Conservative Mariano Rajoy poised to be Spain's new prime minister

Story highlights

  • Conservative leader Mariano Rajoy is expected to be sworn in as prime minister Wednesday
  • Socialist Jose Luis Rodriguez Zapatero is the outgoing prime minister
  • Rajoy had a landslide victory in parliamentary elections November 20
Conservative leader Mariano Rajoy won the investiture in Spain's Parliament Tuesday to become the country's next prime minister.
Rajoy is expected to be sworn in Wednesday, after which he'll begin to try to pull Spain out of its deep economic crisis.
The outcome of the two-day investiture debate in Parliament was never in doubt after Rajoy's landslide election victory in parliamentary elections November 20.
Rajoy won 187 votes on the investiture vote, with 149 opposed -- including the Socialist Party, which was defeated in last month's elections over its handling of the economy.
U.S. President Barack Obama spoke with Rajoy by telephone Tuesday, to congratulate him and "to underscore U.S. support for his economic reform," according to a White House statement.
"The two leaders agreed on the vitality of the alliance" between Spain and the United States, the statement added.
About 5 million people in the country are jobless. Spain has an overall unemployment rate of 21.5%, but it youth unemployment rate is a staggering 45%.
In a speech to Parliament on Monday, Rajoy reiterated his campaign theme that fixing the broken economy, including growth and job creation, will be his top priority.
He said 16.5 billion euros (about $21.5 billion) will be cut from the budget next year to meet Spain's deficit reduction target. Critics say he has yet to explain where the deep cuts will be made, but Rajoy said he can't make the 2012 budget until his government takes power.
Rajoy is due to be sworn in on Wednesday before King Juan Carlos; his Cabinet ministers, yet to be announced, will be sworn in on Thursday, and the first Cabinet meeting is set for Friday.
In the parliamentary speech, Rajoy promised to update pension payments, which were frozen under the Socialists amid much public outcry. But he said that would be the only spending increase in his new budget.
He said there would soon be labor market reforms to make Spain's workforce more flexible and competitive and that there would be mergers and takeovers in Spain's troubled banking sector -- which holds a lot of bad debt from 750,000 unsold new homes that went up during the real estate boom but before the financial crisis and credit crunch set in.

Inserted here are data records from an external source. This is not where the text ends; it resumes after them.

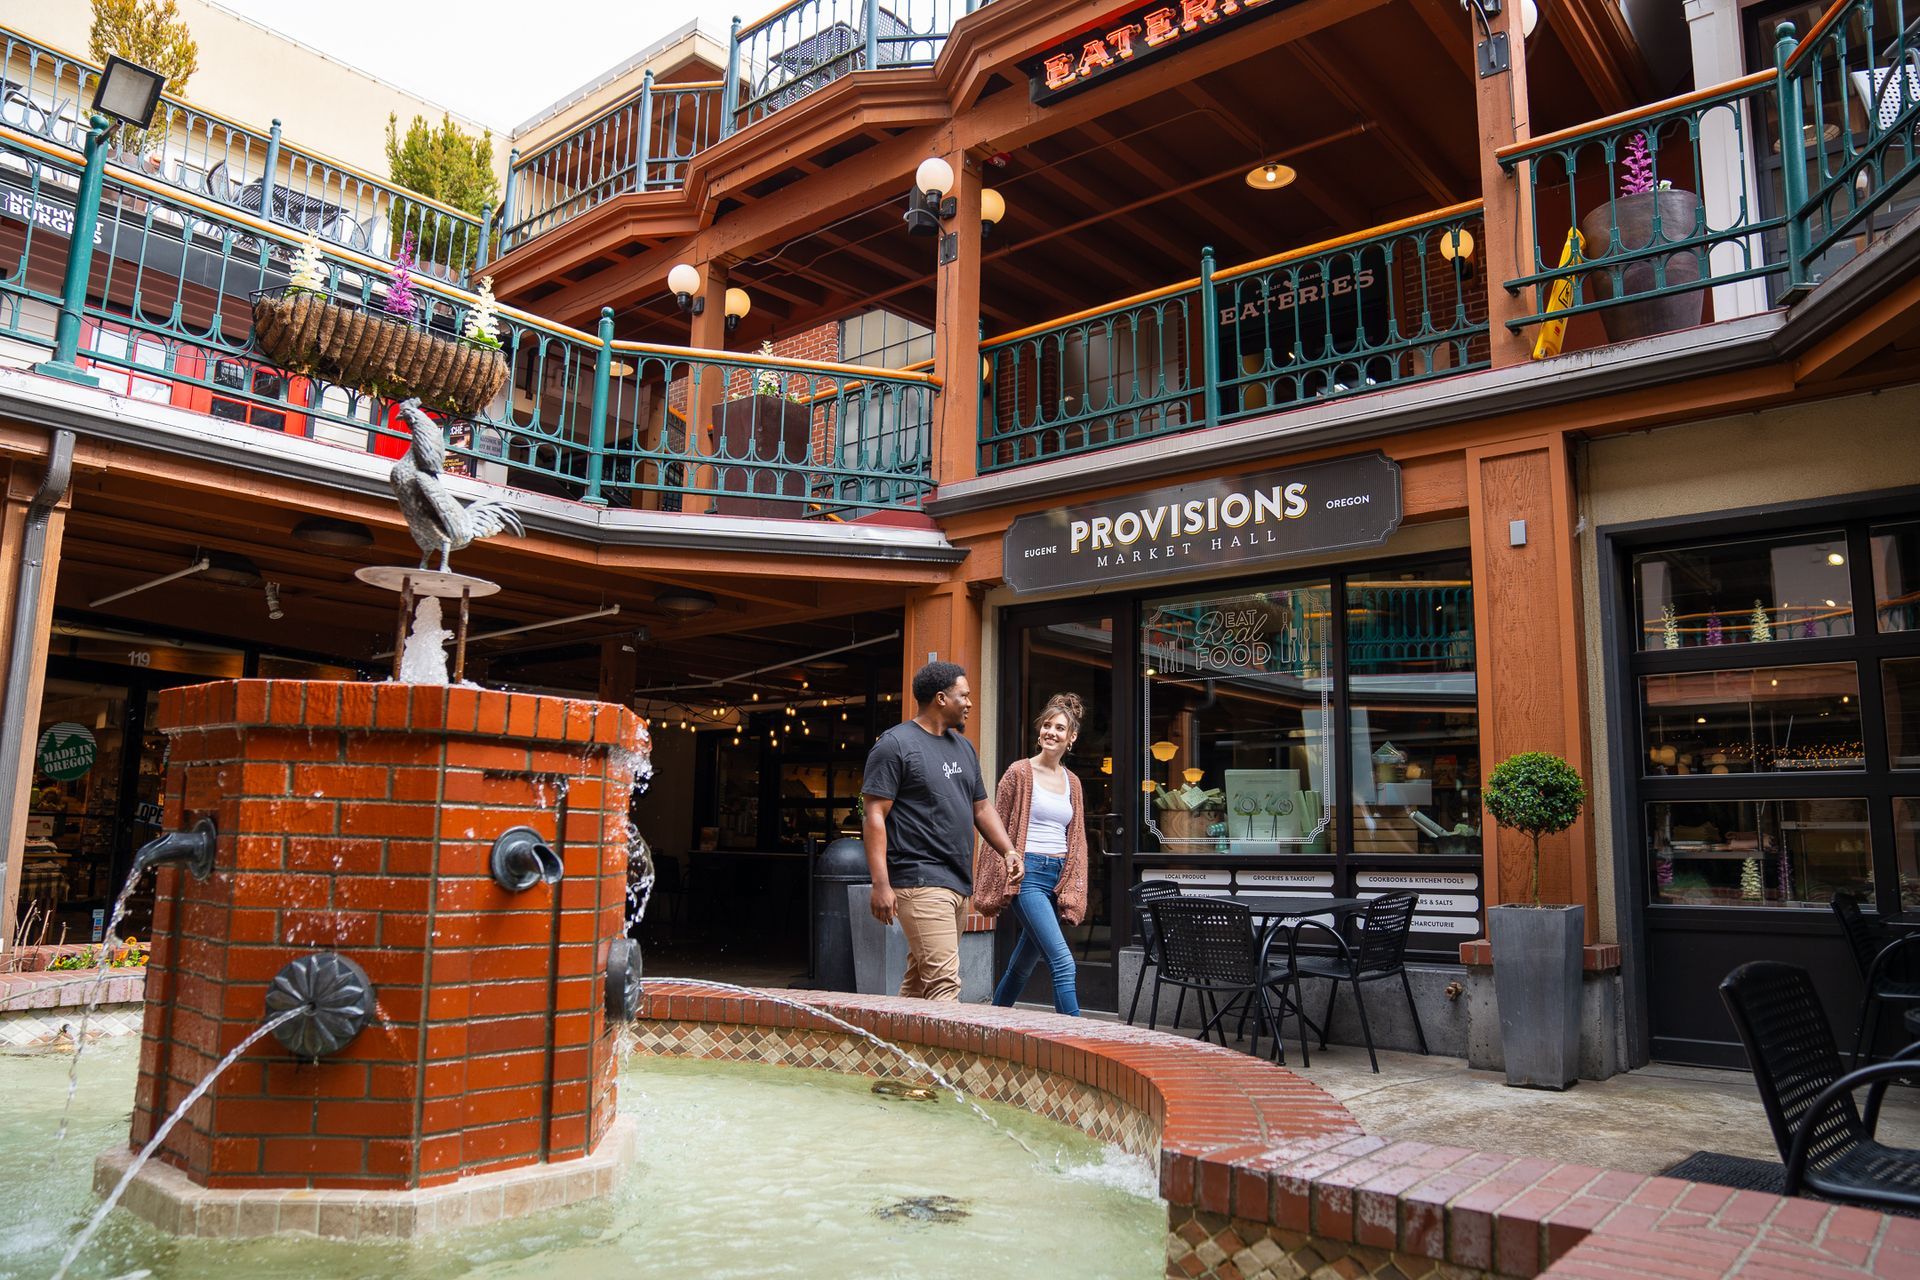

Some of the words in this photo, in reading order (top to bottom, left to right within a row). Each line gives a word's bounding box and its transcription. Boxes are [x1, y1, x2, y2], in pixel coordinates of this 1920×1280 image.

[9, 191, 104, 232] NORTHWT
[1220, 269, 1375, 326] EATERIES
[1326, 494, 1370, 510] OREGON
[1070, 482, 1309, 554] PROVISIONS
[1024, 545, 1058, 558] EUGENE
[1097, 542, 1192, 568] MARKET
[1211, 530, 1276, 550] HALL
[1225, 609, 1257, 628] EAT
[1193, 610, 1268, 648] Real
[127, 650, 151, 667] 119
[1195, 642, 1272, 671] FOOD
[43, 747, 77, 763] MADE
[79, 743, 94, 754] IN
[44, 754, 94, 774] OREGON
[139, 804, 164, 824] OPE
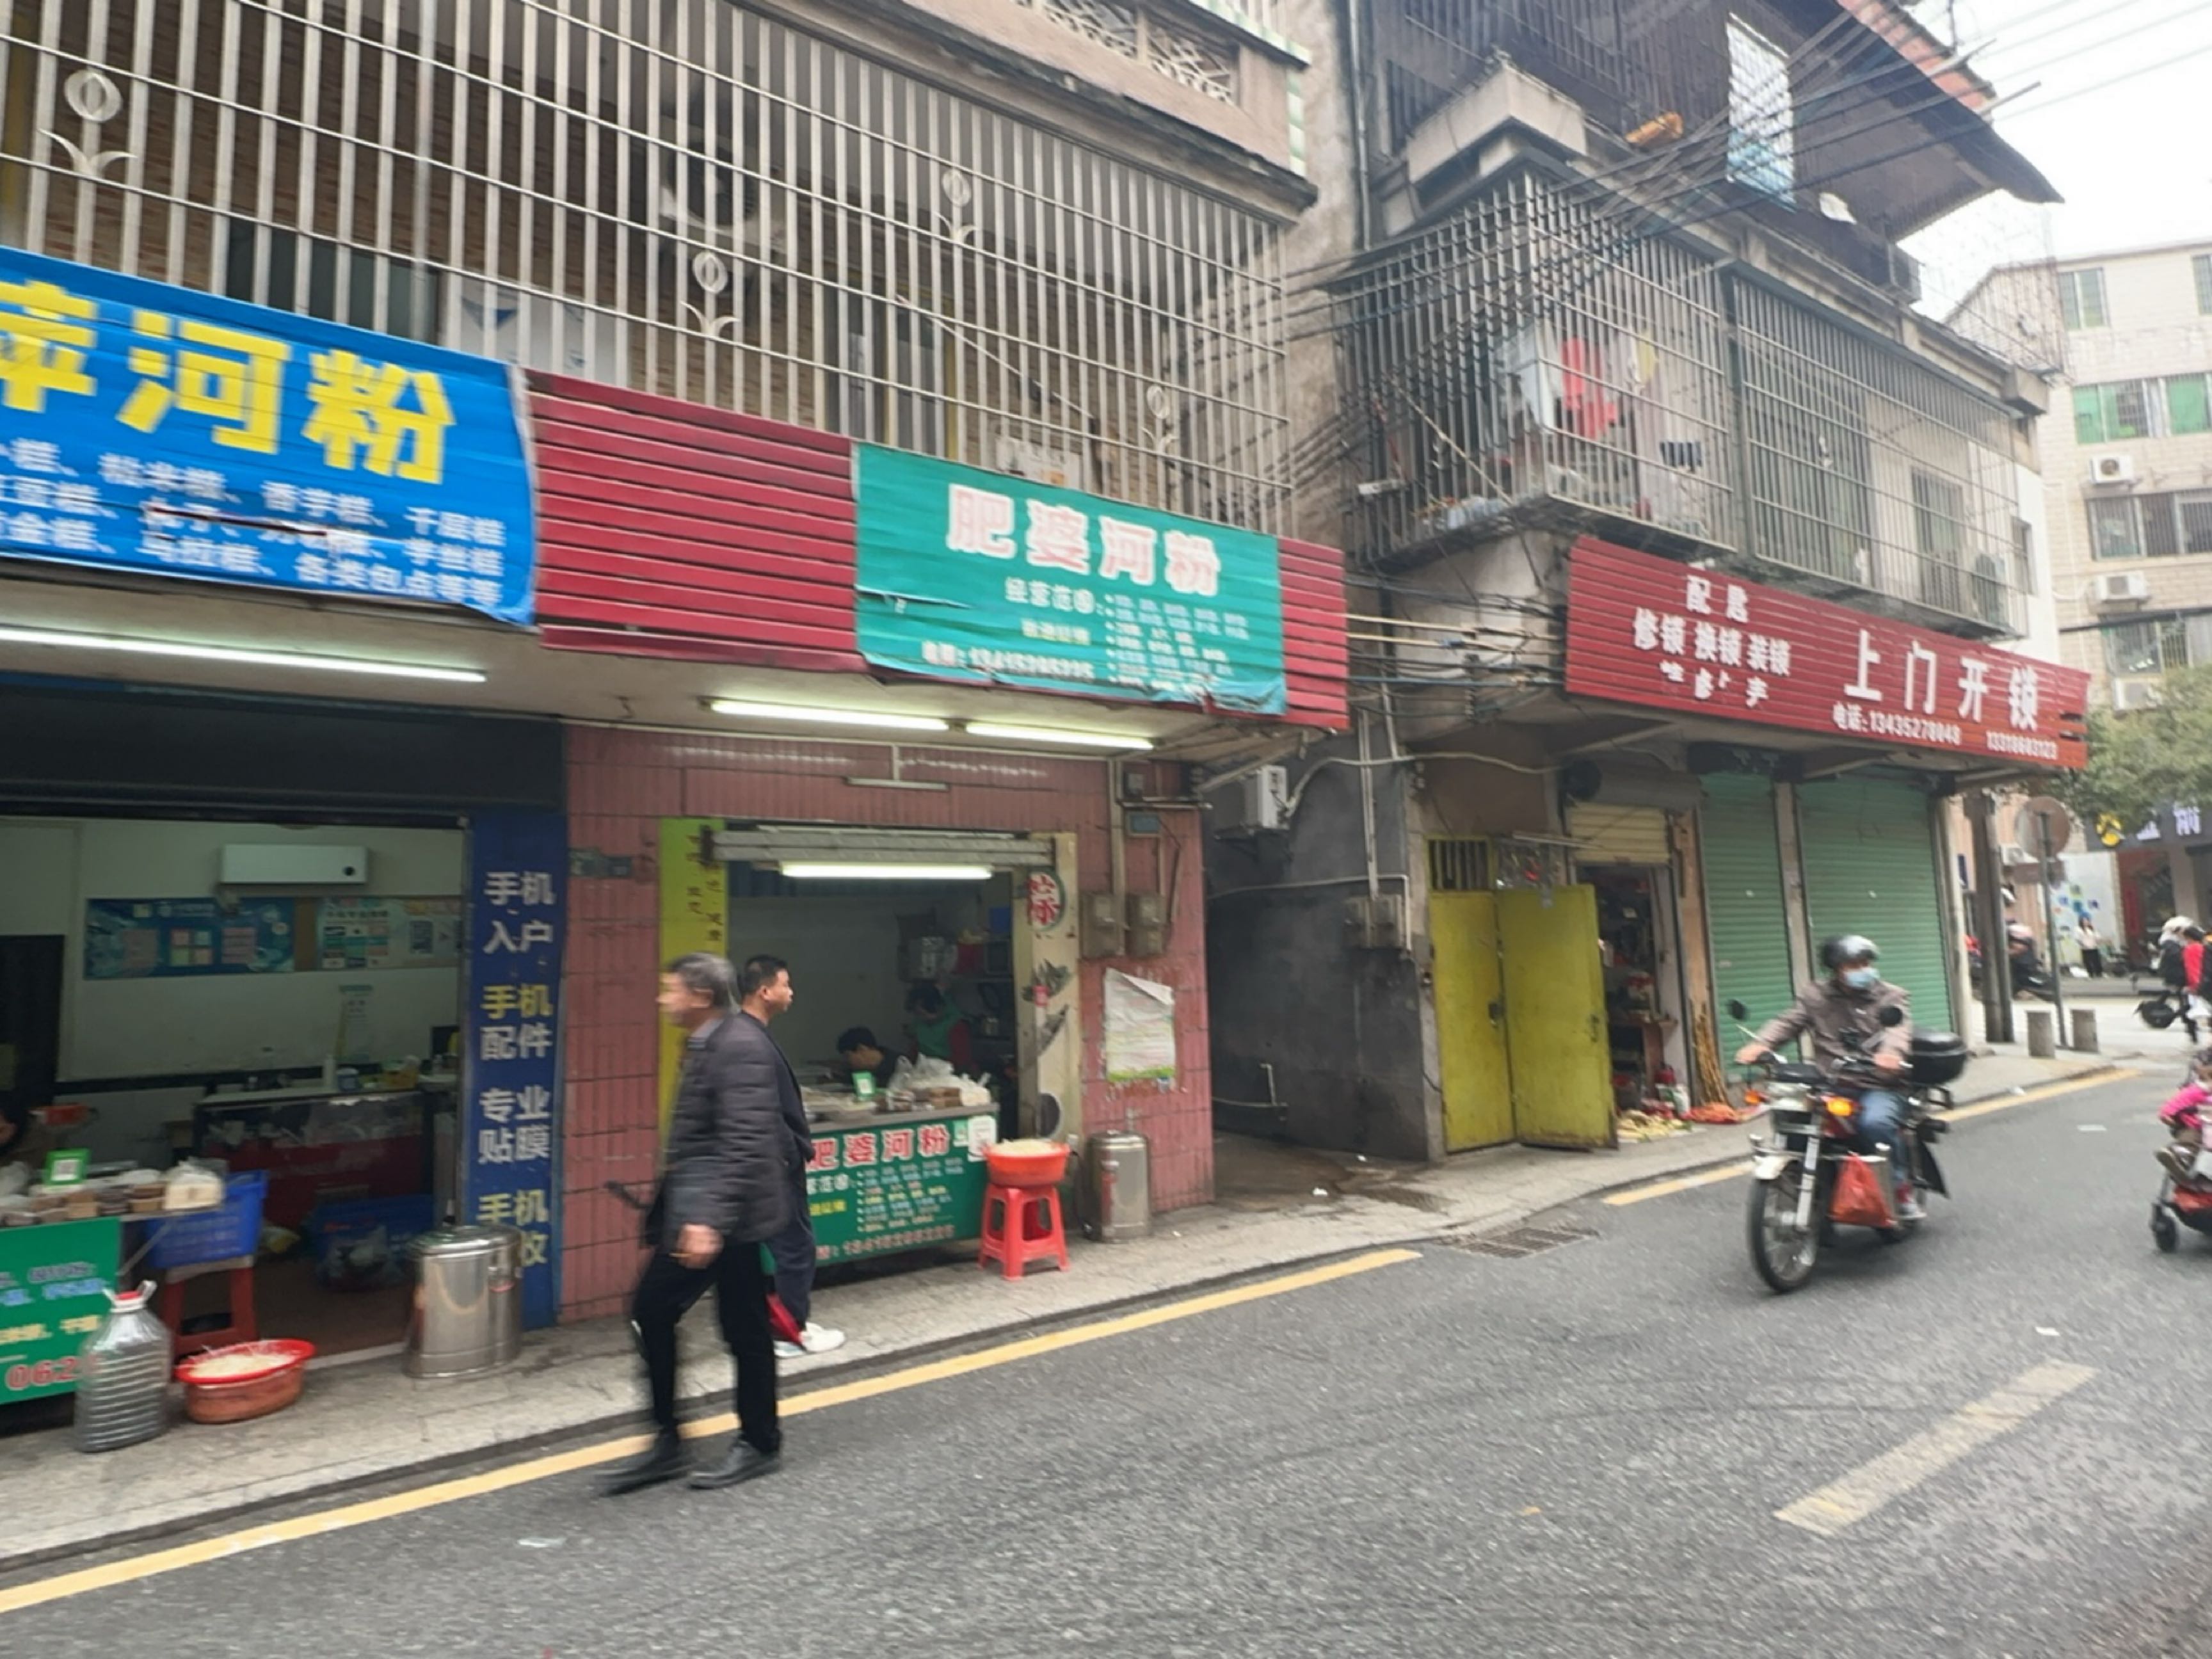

Rajoy said most of Spain's national holidays that fall on weekdays would be observed on the closest Monday to improve productivity. Earlier this month, two national holidays fell on a Tuesday and a Thursday in the same week, and employers complained it was a lost week for worker productivity.
In an effort to help cash-strapped professionals and small businesses, Rajoy said they would not need to pay value-added tax on their goods and services until they collect back payments. Many of those debts are owed by government administrations at all levels, which are months in arrears in paying their suppliers due to the crisis.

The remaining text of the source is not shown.